More Than 1M in U.S. Still Without Power 5 Days After Storm

July 5, 2012

More than 1 million homes and businesses in a swath from Indiana to Virginia remained without power on Wednesday, five days after deadly storms tore through the region.

The outage meant no July 4 Independence Day holiday for thousands of utility workers who scrambled to restore lingering power outages.

Much of the damage to the power grid was blamed on last weekend’s rare “derecho,” a big, powerful and long-lasting wind storm that blew from the Midwest to the Atlantic Ocean.

Violent weekend storms and days of record heat have killed at least 23 people in the United States since Friday. Some died when trees fell on their homes and cars, and heat stroke killed others.

Energy provider Dominion Virginia Power said emergency crews were working around the clock to deal with 60,000 outages for its customers throughout Virginia as of noon Wednesday.

Service for virtually all customers in Northern Virginia and the Richmond metropolitan area who lost electric service because of the storms should be restored by Friday night, said Daisy Pridgen, a Dominion spokeswoman. In a few instances, work may continue into Saturday where there was extreme damage, she said.

More than 5,000 people from 18 states and Canada were working through the holiday, Rodney Blevins, a Dominion vice president, said in a statement. The company said it had restored power to about 90 percent of its 1 million customers who had lost electric service because of the weekend storms, the biggest non-hurricane outage in the company’s history.

Much of the hardest-hit areas were to bake for another day in scorching heat, with the National Weather Service forecasting temperatures from 90 Fahrenheit (32 Celsius) to more than 100 F (37.7 C) from the Midwest to the Atlantic Coast.

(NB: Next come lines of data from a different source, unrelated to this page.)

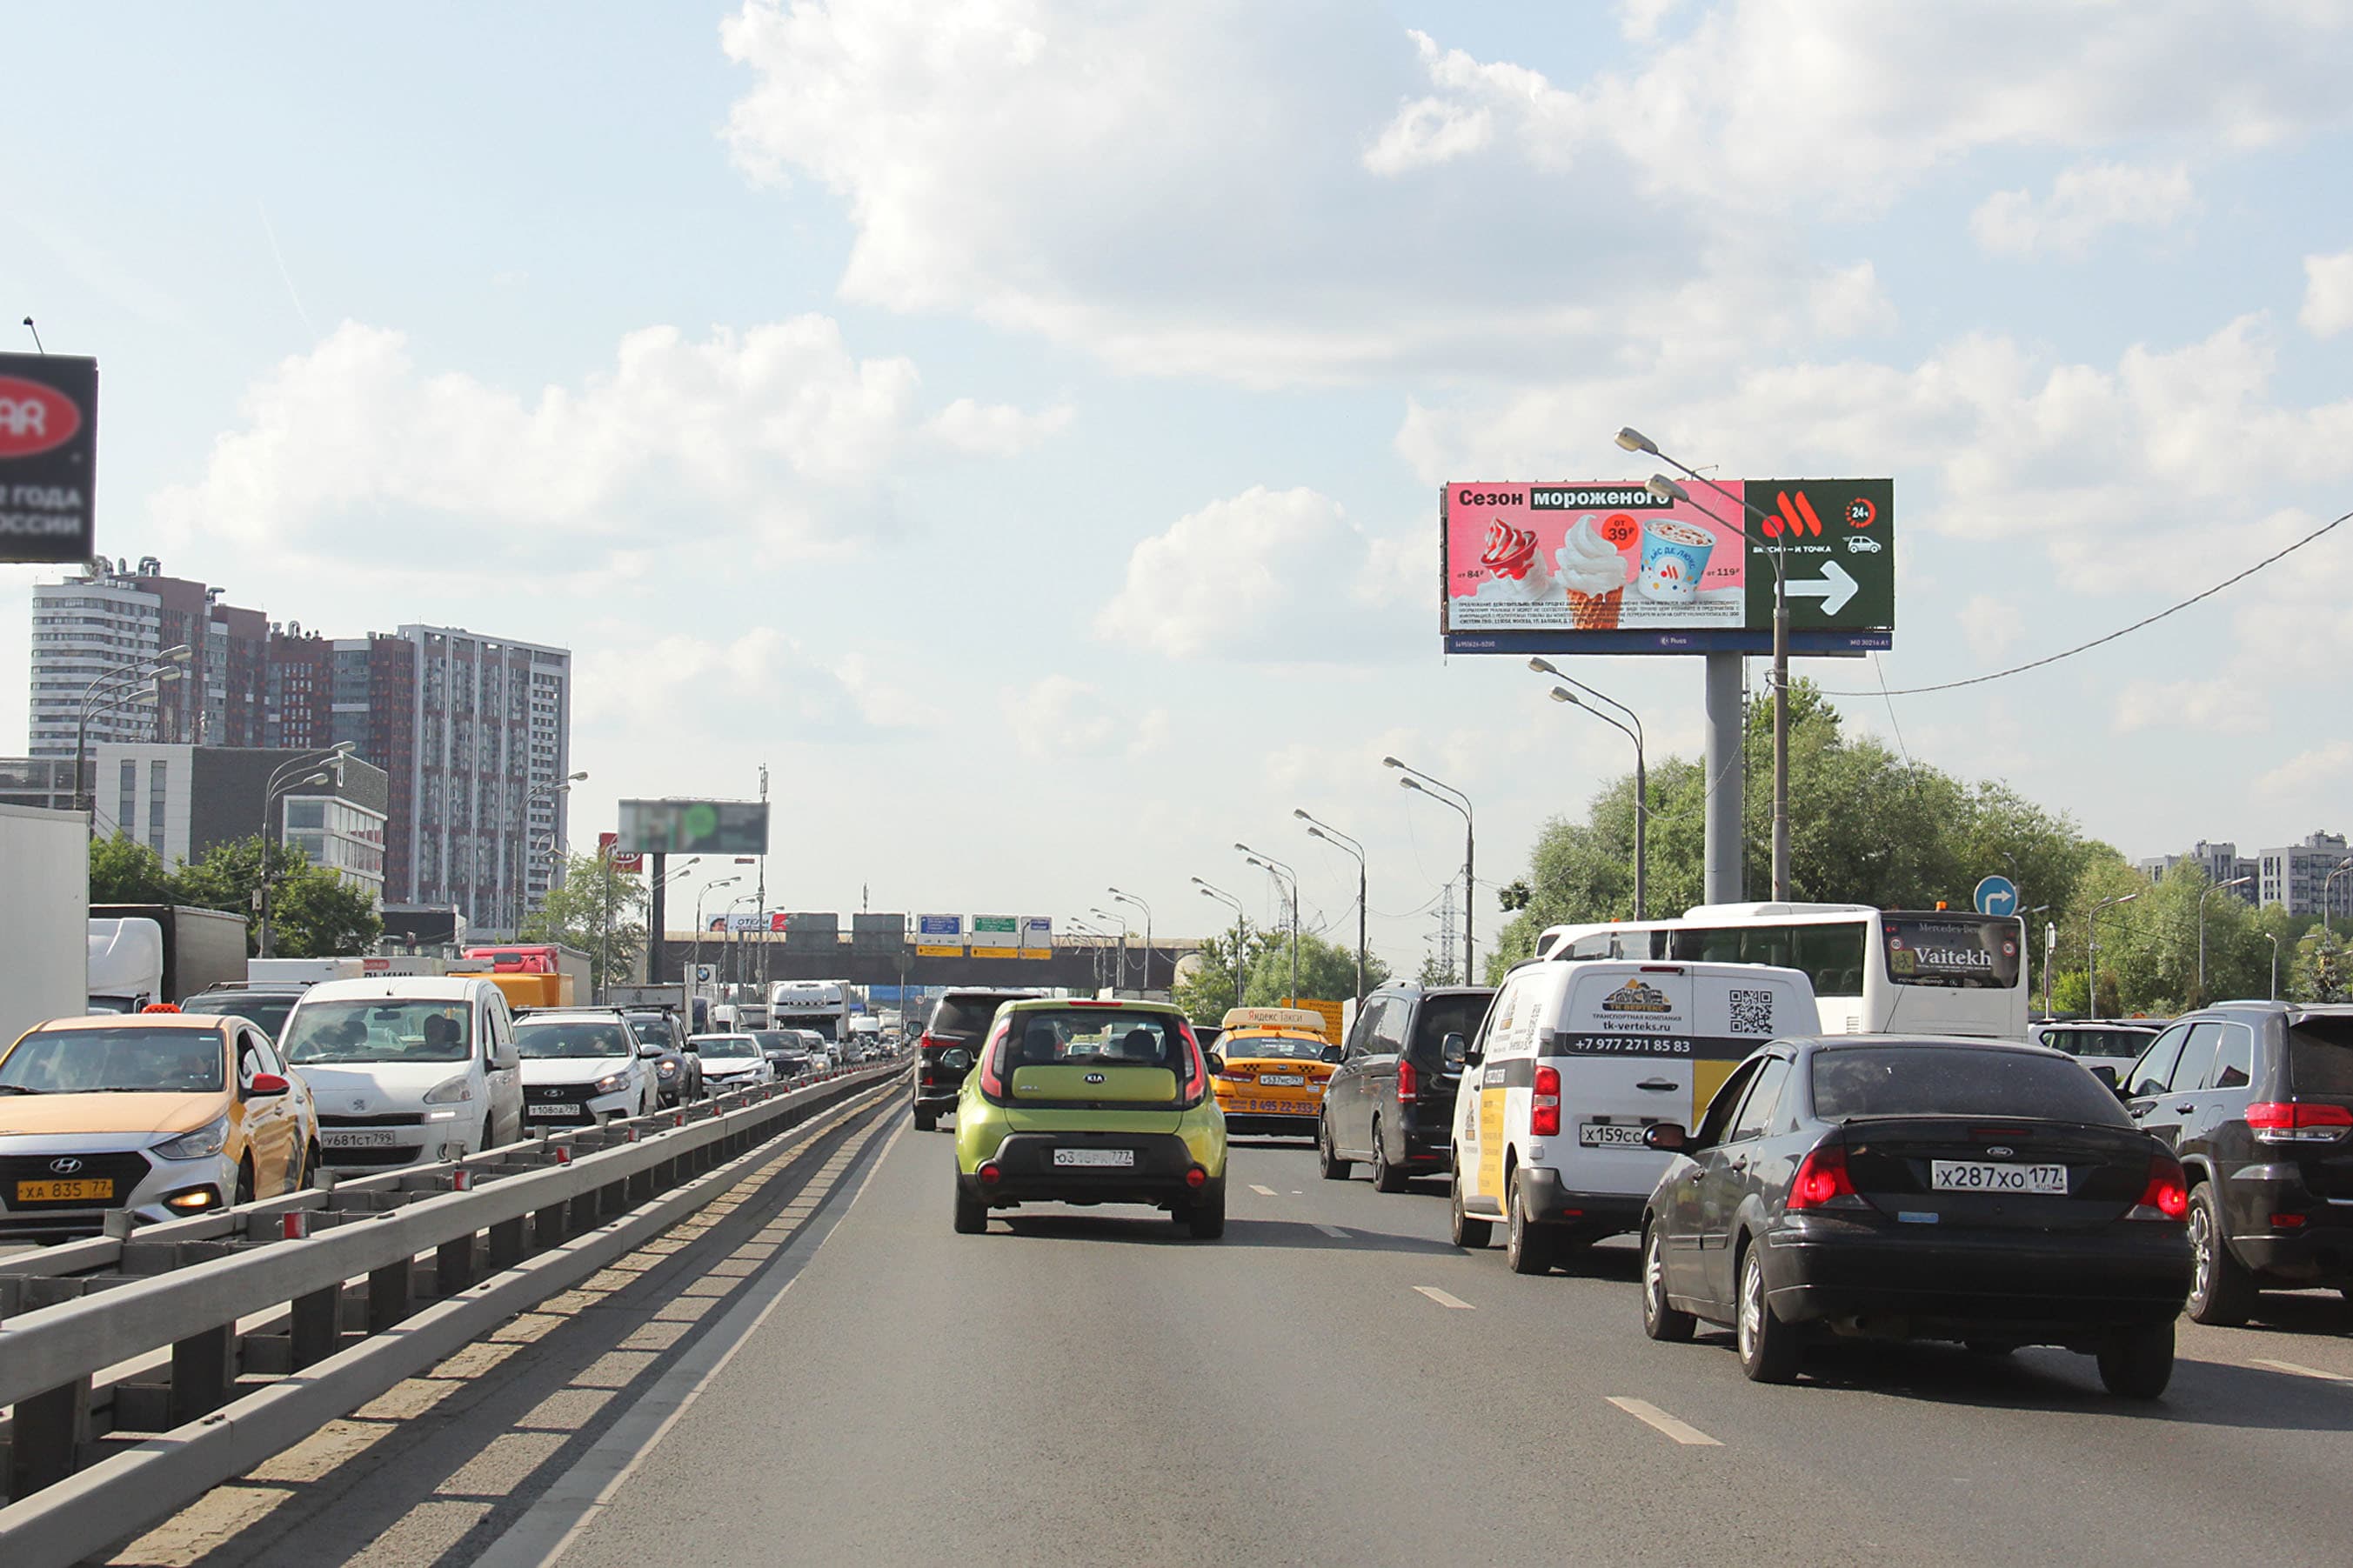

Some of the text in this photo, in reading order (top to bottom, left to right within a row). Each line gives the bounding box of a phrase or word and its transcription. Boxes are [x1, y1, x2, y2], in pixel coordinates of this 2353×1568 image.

[13, 484, 83, 510] ГОДА
[1459, 490, 1523, 505] Сезон
[1918, 922, 1980, 933] Mercedes-Ben
[1914, 947, 1991, 966] Vaitekh
[1248, 1011, 1303, 1023] Яндекс Такси
[1603, 1021, 1671, 1031] tk-verteks.ru
[1575, 1038, 1690, 1052] +7 977 271 85 83
[2029, 1167, 2059, 1184] 177
[52, 1183, 82, 1198] 835
[91, 1180, 107, 1192] 77

In Washington, about 5,000 customers of local power company Pepco were still without power on Wednesday morning, and the city was distributing food to people who were unable to cook at home. Closer to 50,000 Pepco customers in suburban Maryland were still in the dark.

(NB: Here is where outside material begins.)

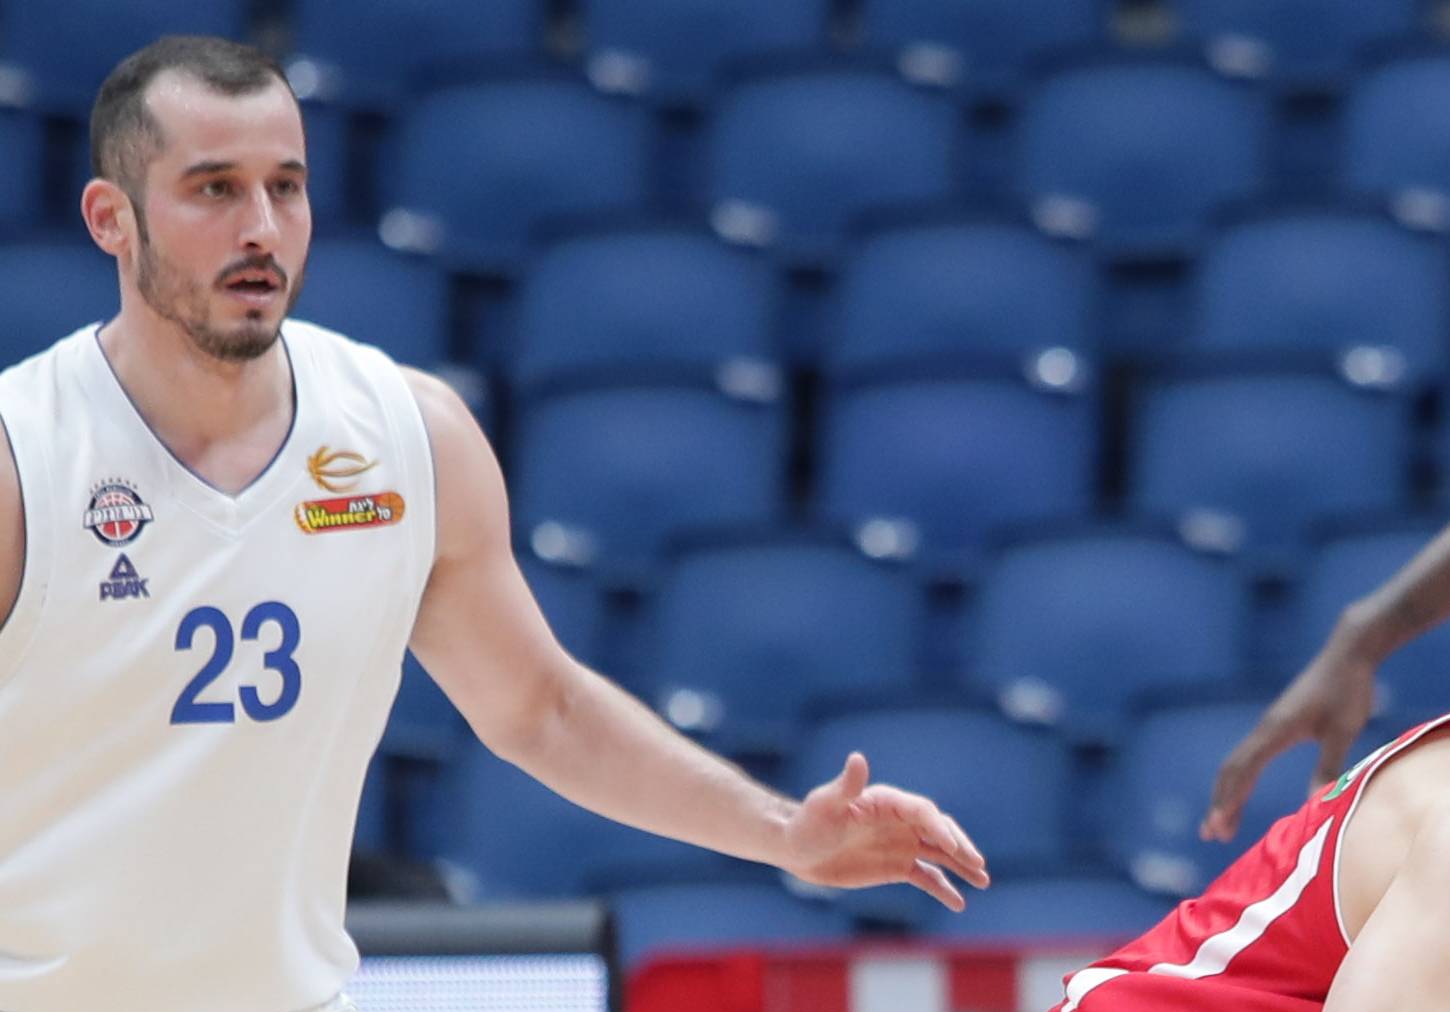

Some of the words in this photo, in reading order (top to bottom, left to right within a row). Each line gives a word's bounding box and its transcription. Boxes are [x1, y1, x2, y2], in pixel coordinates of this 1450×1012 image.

[306, 507, 377, 529] Winner
[99, 579, 151, 601] PEAK
[169, 600, 301, 725] 23

But the region still most affected, however, was West Virginia and the neighboring Blue Ridge Mountain section of Virginia, accounting for close to half of the lingering outage.

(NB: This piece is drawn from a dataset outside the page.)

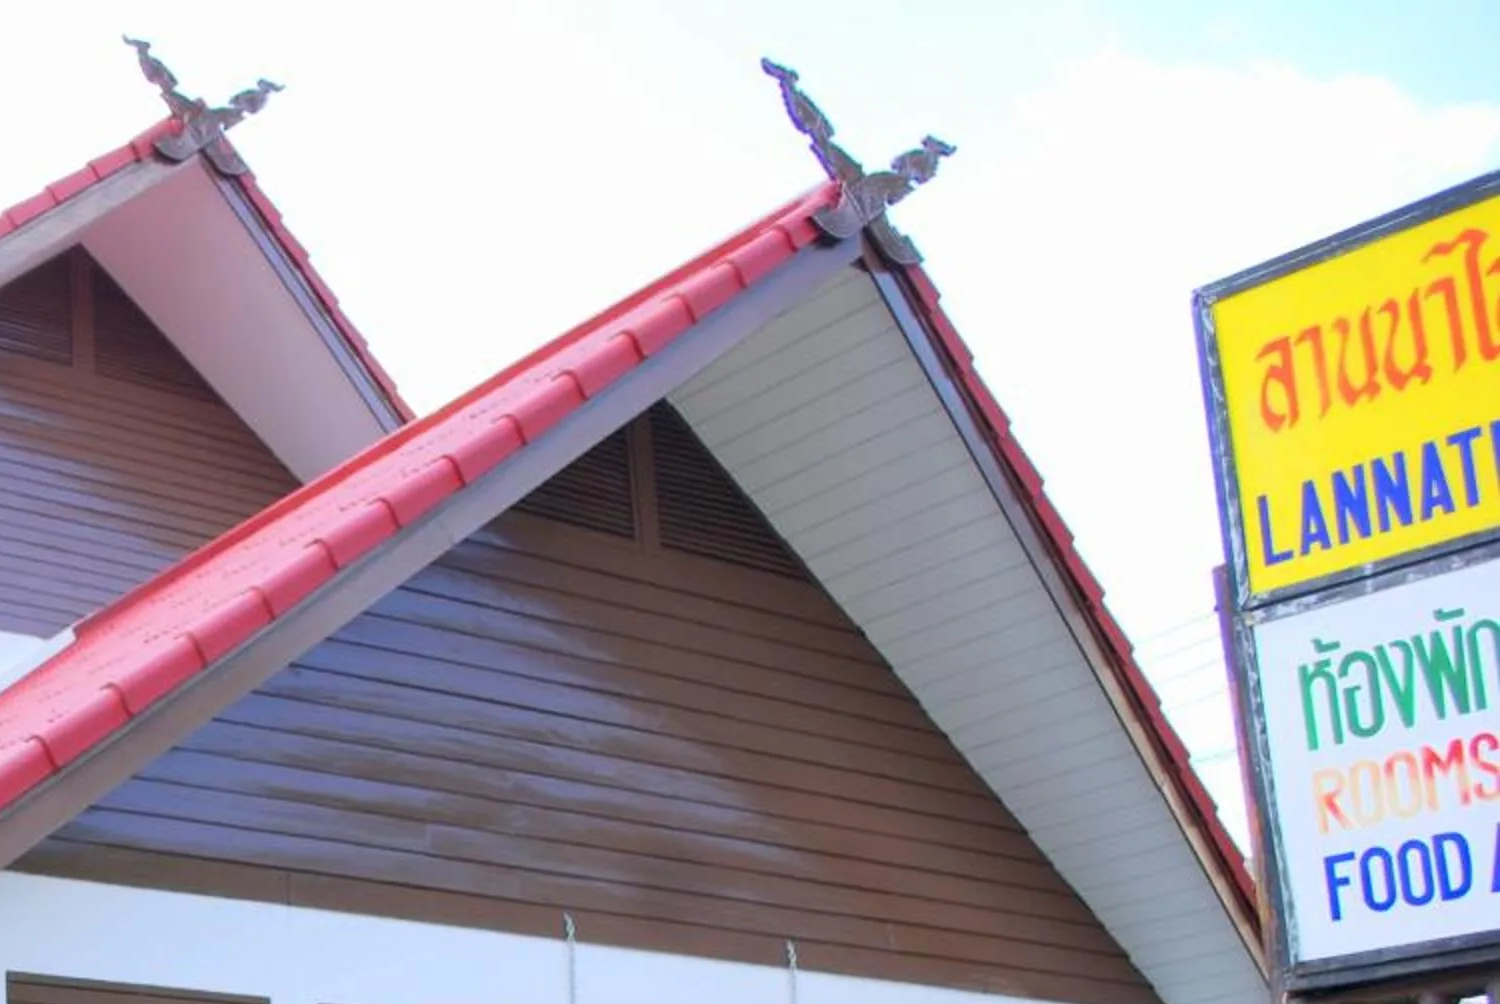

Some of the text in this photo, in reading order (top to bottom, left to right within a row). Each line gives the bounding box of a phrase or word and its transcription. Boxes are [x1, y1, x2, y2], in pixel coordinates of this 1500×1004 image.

[1256, 228, 1500, 433] ลานนาไ
[1313, 733, 1500, 833] ROOMS
[1324, 832, 1472, 921] FOOD

In West Virginia, 174,960 of Appalachian Power’s half-million customers remain without electric service, the company said in a noon update on Wednesday.

Just over the state line in the mountains of western Virginia, 110,578 Appalachian clients remained blacked out, it said.

“Crews are continuing to find additional damage to our distribution and transmission facitilities,” a statement on the company’s website said. It said additional crews from outside the area will join restoration efforts as they become available.

More than 3,000 workers are dedicated to its effort in Virginia and West Virginia, the company said. Other utilities also pledged to keep crews working – some in 16-hour shifts – until the electricity was restored.

Virginia’s Arlington County, across the Potomac River from Washington, still had 6,875 people without power as of 7 a.m, said John Crawford, deputy director of the county’s office of emergency management.

Verizon services to the county’s 911 emergency communications center are “still not 100 percent stable,” but have been up and running for 48 hours without known incident, he told Reuters.

INSURERS

The largest U.S. home and auto insurer, State Farm, said it had received about 29,000 claims from last weekend’s storms, more than three-quarters of them for house damage.

Two of its peers, USAA and Nationwide, said on Monday they had received more than 12,000 claims, with the majority also for homes. The three collectively account for about 16 percent of the U.S. property insurance market.

The death toll from the storms and high temperatures climbed to at least 23 with five more heat-related deaths reported in Nashville, Tennessee; Kansas City, Mo.; Philadelphia; and Virginia.

Much of the damage to the power grid was blamed on last weekend’s rare “derecho,” a big, powerful and long-lasting straight-line wind storm that blew from the Midwest to the Atlantic Ocean.